Ricochet COVID Symposium: An ‘Essential’-Eyed View

 

Worker

“Migrant Mother” by Dorothea Lange.

I’m an hourly worker at a neighborhood pet supplies store. I never considered myself an “essential” worker. That was a term I used to refer to my paternal grandfather who, as a railroad engineer during World War II, was prohibited from joining the military. March 25 was the day Minnesota Governor Tim Walz announced a statewide “stay-at-home” order. It was the day I learned I was an “essential worker” in COVID America.

In the days after the initial lockdown order, the chaos was almost overwhelming.

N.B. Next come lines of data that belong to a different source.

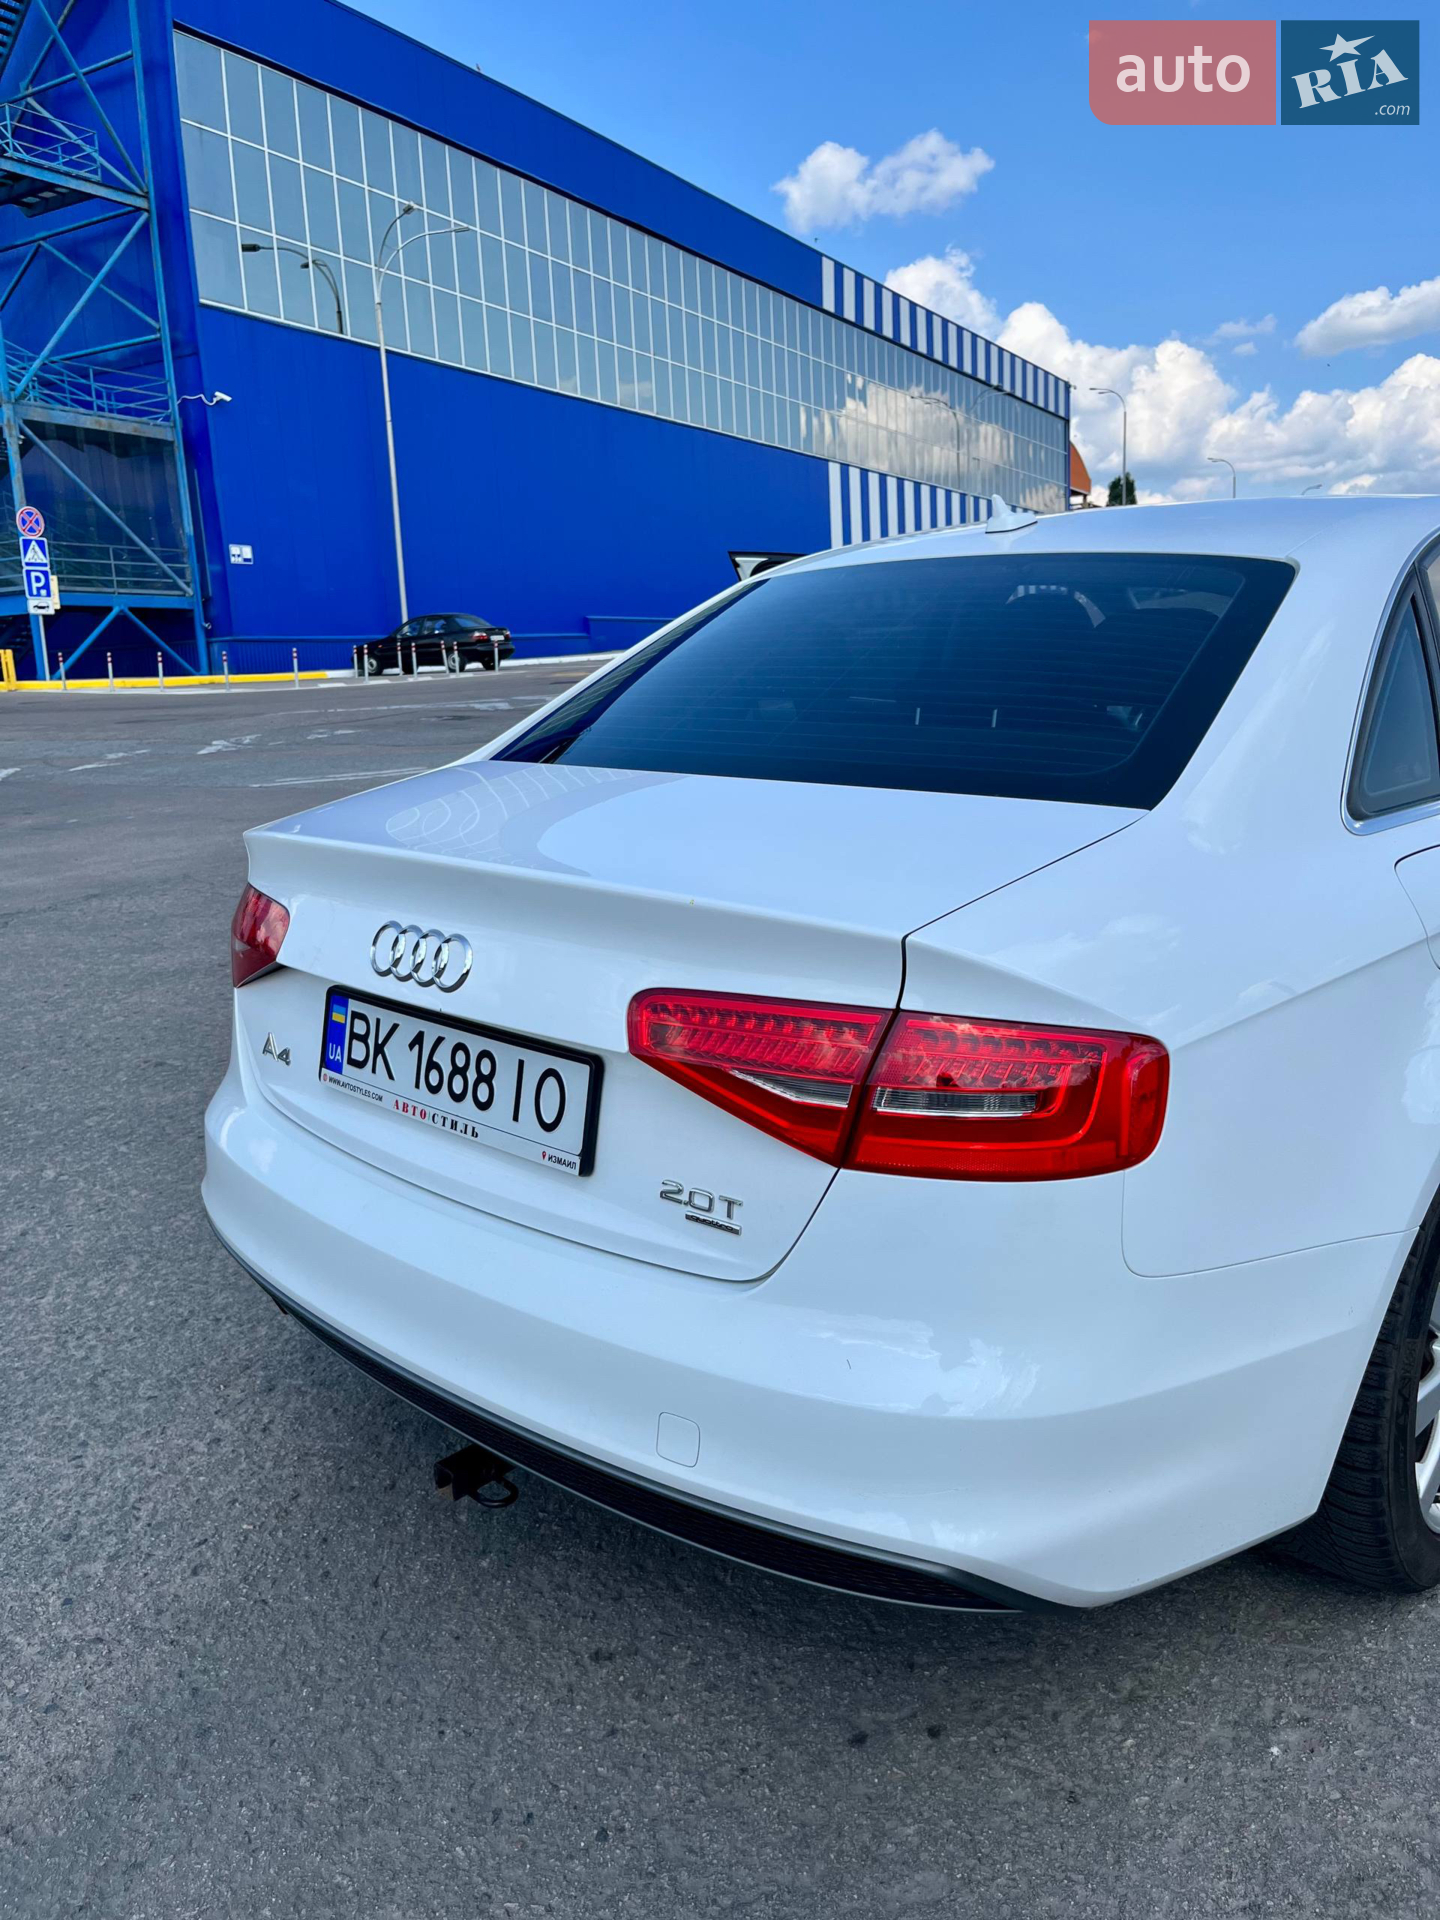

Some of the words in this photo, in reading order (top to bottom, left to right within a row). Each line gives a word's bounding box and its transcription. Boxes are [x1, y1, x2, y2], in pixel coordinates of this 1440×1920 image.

[30, 571, 46, 596] P
[262, 1031, 291, 1066] A4
[328, 1042, 342, 1063] UA
[347, 1010, 400, 1081] BK
[407, 1030, 497, 1112] 1688
[328, 1075, 384, 1103] WWW.AVTOSTYLES.COM
[547, 1153, 577, 1170] ИЗМАИЛ

What the run on toilet paper was to the grocery stores, dog and cat food was to my store. People were panic buying cartloads of food. Bags were gone as fast as they were stocked. The initial emergency state proclamation was for two weeks. For the most part, people were understanding, but nervous. Two weeks was do-able. Inundated with news reports about the dire situation in New York City was enough to sacrifice daily routines and a paycheck or two to prevent a similar catastrophe here. But then…we weren’t another New York City. Minnesotans held their breath, pensively, for another two-week extension. Thankfully the projected 75,000 deaths never materialized. But still, the call for sacrifice rang loud and clear.

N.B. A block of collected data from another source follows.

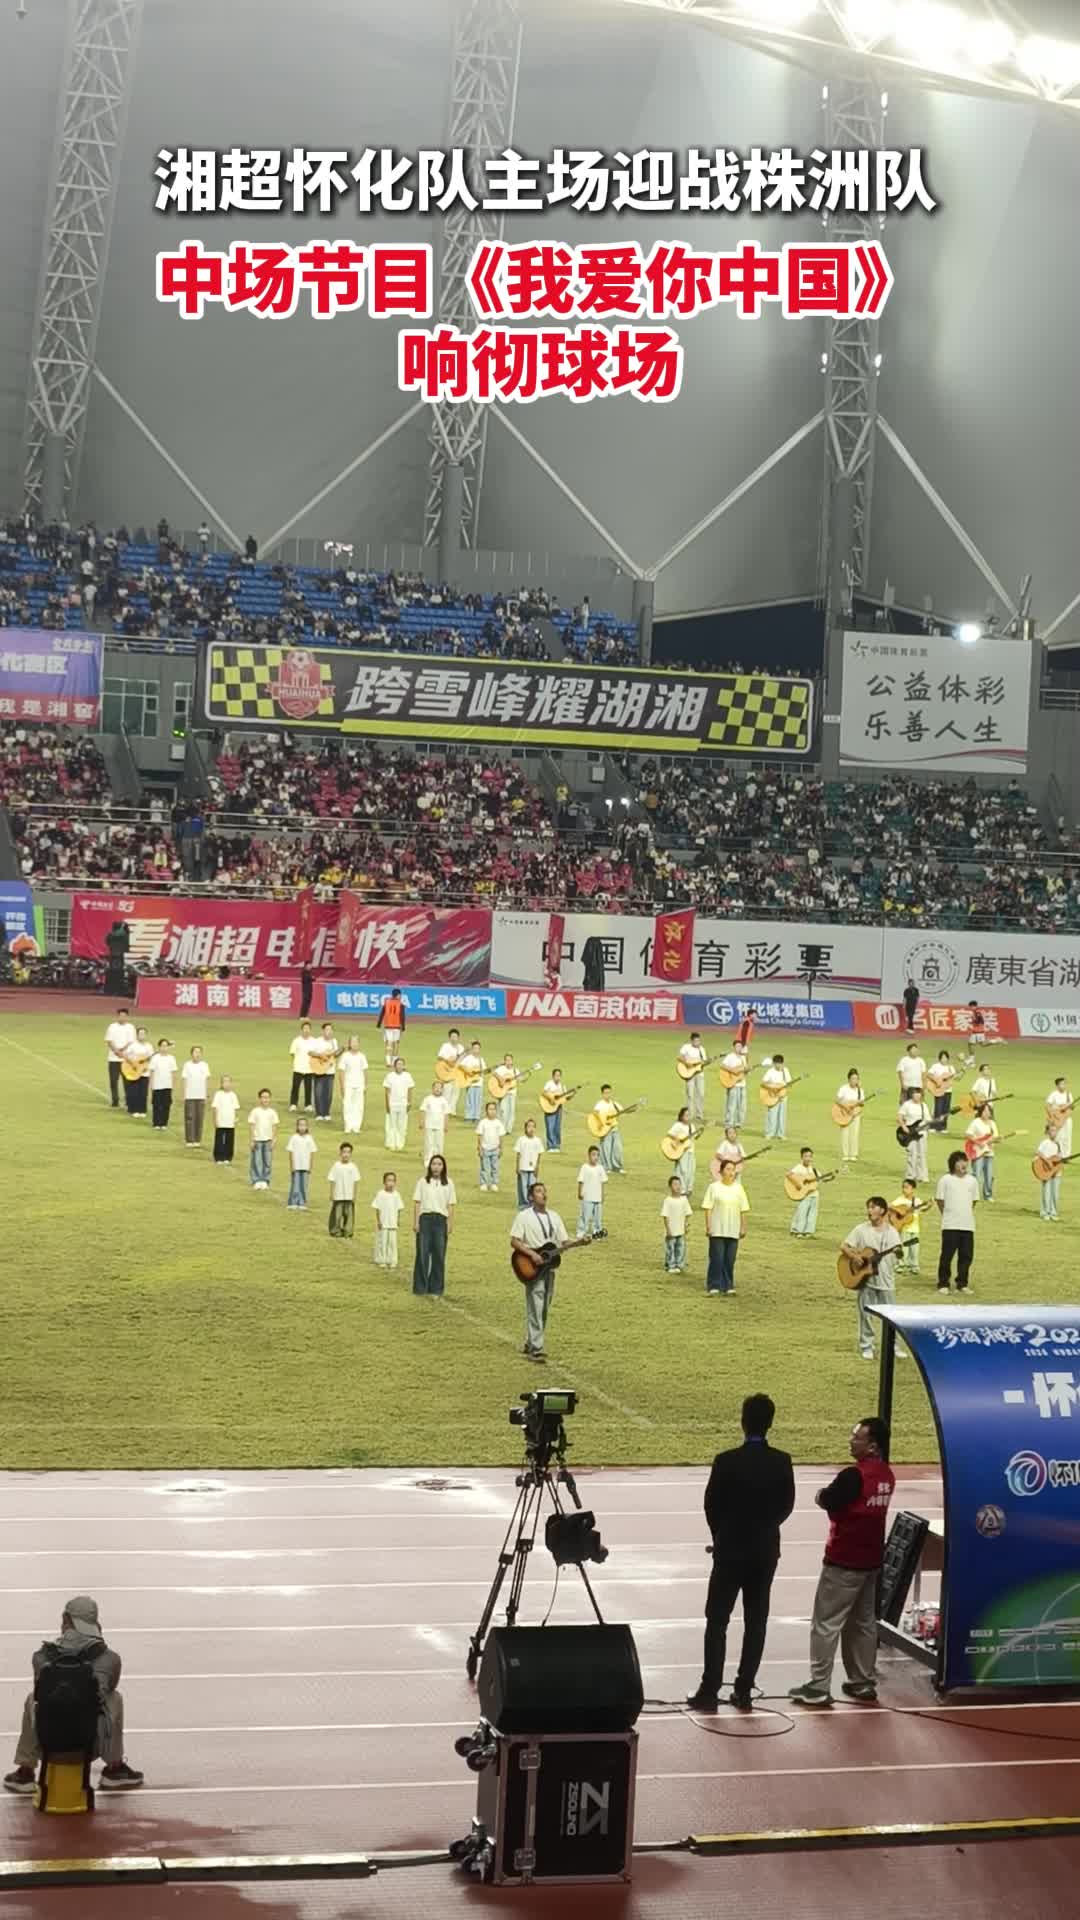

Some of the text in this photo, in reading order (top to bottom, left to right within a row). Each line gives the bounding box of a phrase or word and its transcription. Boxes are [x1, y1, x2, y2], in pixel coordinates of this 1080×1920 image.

[344, 665, 708, 731] 跨雪峰耀湖湘
[866, 670, 1005, 705] 公益体彩
[865, 710, 1003, 743] 乐善人生
[175, 982, 293, 1009] 湖南湘窖
[417, 994, 497, 1012] 上网快到飞
[1053, 1014, 1080, 1026] 中国

The daily infection and death count are continually reported with intense seriousness, but without context. 83.9 percent of COVID deaths in Minnesota occur in long-term care facilities or nursing homes, the highest in the country. The average age of a COVID death is 83. While I mourn the loss of those deaths as a personal tragedy for every family, I also see the unemployment crisis of working-age adults staring me in the eyes with silent hopelessness. Customers telling me of a lost a job is an almost daily occurrence. When once people bought pet food in anticipation of supply disruption, they now buy it because they don’t know when they’ll have the money to buy more. Instead of donations for local shelters, customers are coming in asking for expired food, opened or returned bags, and they rummage through that same donation bin for themselves. Witnessing the pain and embarrassment of declined check cards, I’ve paid for more than one bag of cat or dog food for a neighbor in need.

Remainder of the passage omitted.